Annotated photo localization data
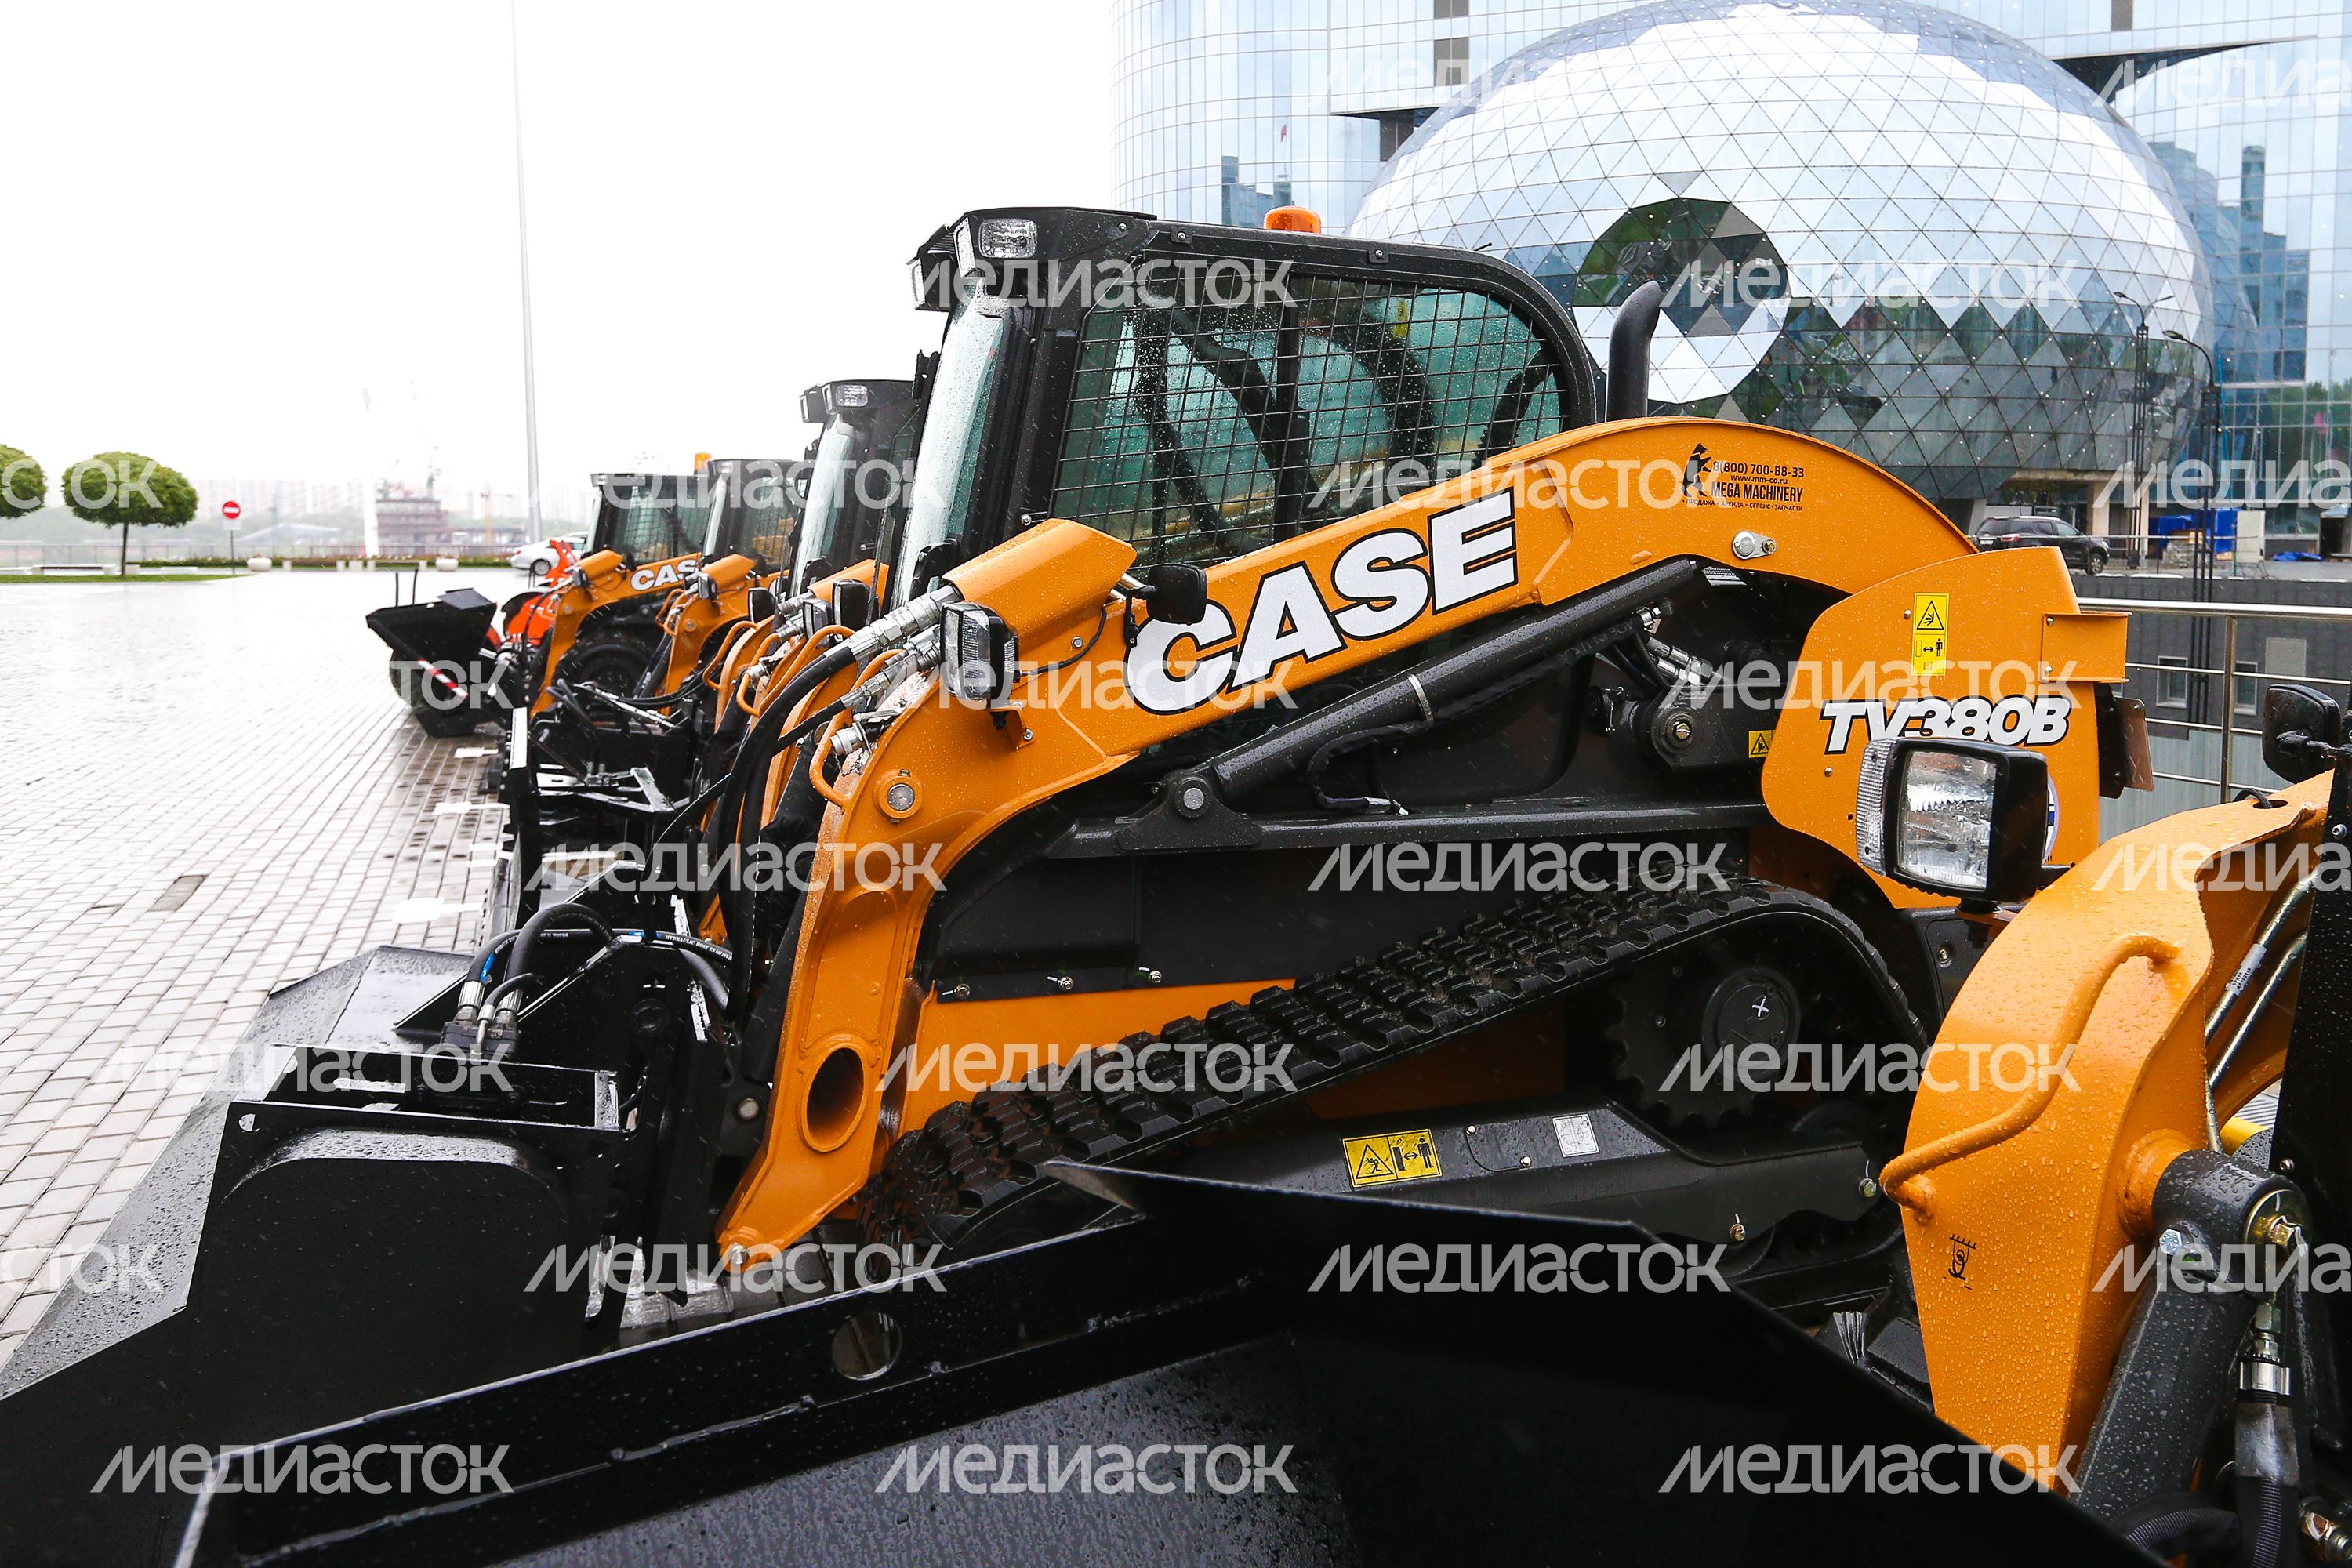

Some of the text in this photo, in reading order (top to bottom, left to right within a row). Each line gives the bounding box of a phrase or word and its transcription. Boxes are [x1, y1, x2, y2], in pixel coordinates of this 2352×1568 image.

[1731, 474, 1788, 485] www.mm-co.ru
[1751, 463, 1804, 478] 700-88-33
[1711, 481, 1803, 502] MEGA MACHINERY
[630, 559, 700, 592] CAS
[1123, 487, 1518, 715] CASE
[1820, 695, 2071, 754] TV380B

__WORK INSTRUCTION__: The expected output is every record above, copied exactly, without pictures.

__EXERCISE ANSWER__:
Some of the text in this photo, in reading order (top to bottom, left to right within a row). Each line gives the bounding box of a phrase or word and its transcription. Boxes are [x1, y1, x2, y2], in pixel coordinates of this 2352×1568 image.

[1731, 474, 1788, 485] www.mm-co.ru
[1751, 463, 1804, 478] 700-88-33
[1711, 481, 1803, 502] MEGA MACHINERY
[630, 559, 700, 592] CAS
[1123, 487, 1518, 715] CASE
[1820, 695, 2071, 754] TV380B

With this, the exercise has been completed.